Spatial localization data
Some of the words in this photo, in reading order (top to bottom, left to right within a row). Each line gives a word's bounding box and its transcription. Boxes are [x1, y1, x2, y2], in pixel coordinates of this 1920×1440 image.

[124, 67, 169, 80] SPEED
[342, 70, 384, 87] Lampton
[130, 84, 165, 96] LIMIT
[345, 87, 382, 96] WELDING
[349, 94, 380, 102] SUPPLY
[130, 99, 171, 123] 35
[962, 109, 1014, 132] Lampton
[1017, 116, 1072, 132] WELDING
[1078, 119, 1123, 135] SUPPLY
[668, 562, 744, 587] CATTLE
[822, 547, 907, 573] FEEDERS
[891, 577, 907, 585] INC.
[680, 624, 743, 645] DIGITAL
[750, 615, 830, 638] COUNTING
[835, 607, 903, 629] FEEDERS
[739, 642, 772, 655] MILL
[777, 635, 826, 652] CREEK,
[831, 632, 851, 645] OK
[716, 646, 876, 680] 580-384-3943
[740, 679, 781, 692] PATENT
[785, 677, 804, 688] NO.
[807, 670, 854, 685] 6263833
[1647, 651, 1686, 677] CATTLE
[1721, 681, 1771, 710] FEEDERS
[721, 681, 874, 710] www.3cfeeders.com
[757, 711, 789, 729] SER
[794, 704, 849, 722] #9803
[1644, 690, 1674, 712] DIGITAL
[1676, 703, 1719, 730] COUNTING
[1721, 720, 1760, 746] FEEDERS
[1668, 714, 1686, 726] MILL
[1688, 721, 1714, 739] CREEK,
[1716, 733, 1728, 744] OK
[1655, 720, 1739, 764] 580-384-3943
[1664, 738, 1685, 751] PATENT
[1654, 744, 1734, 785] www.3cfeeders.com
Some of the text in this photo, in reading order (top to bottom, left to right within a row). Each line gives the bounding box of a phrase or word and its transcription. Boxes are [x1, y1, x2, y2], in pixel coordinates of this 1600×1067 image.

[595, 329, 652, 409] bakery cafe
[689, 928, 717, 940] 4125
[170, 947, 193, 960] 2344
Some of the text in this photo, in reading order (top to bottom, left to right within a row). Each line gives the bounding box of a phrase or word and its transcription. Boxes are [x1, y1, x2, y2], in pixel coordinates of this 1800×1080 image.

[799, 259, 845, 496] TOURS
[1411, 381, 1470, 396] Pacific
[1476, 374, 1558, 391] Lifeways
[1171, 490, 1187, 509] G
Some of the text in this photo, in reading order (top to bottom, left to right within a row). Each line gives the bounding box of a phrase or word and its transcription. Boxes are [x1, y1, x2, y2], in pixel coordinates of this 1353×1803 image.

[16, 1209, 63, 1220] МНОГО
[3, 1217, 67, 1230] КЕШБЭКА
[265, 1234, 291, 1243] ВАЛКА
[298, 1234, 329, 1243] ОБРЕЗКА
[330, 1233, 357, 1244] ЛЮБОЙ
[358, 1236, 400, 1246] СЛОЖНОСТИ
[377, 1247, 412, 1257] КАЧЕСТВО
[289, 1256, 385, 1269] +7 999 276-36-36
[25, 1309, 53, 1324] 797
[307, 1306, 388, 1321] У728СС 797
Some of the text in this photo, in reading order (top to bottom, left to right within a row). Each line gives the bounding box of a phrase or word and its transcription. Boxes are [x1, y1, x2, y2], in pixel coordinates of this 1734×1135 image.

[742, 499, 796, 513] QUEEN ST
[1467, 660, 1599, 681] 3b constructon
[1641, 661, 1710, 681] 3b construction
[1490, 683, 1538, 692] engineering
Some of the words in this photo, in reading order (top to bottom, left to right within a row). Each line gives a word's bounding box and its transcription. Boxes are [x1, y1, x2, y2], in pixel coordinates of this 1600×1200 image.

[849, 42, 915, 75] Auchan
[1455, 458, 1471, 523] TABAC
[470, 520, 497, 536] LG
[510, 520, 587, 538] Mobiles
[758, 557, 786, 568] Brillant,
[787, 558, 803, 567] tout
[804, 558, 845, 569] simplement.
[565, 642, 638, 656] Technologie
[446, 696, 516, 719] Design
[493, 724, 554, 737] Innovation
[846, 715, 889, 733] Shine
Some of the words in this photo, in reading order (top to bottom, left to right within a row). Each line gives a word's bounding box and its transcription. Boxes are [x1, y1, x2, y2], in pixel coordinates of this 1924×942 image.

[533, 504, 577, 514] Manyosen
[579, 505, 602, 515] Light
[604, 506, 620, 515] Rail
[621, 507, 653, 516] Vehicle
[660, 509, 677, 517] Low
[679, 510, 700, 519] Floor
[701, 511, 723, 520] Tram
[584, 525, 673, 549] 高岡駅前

### Task to carry out
Write out the lines above, starting at the line that contains "this 1924×942 image." and ending with the final line, and nothing else; copy them exactly.

### Result
Some of the words in this photo, in reading order (top to bottom, left to right within a row). Each line gives a word's bounding box and its transcription. Boxes are [x1, y1, x2, y2], in pixel coordinates of this 1924×942 image.

[533, 504, 577, 514] Manyosen
[579, 505, 602, 515] Light
[604, 506, 620, 515] Rail
[621, 507, 653, 516] Vehicle
[660, 509, 677, 517] Low
[679, 510, 700, 519] Floor
[701, 511, 723, 520] Tram
[584, 525, 673, 549] 高岡駅前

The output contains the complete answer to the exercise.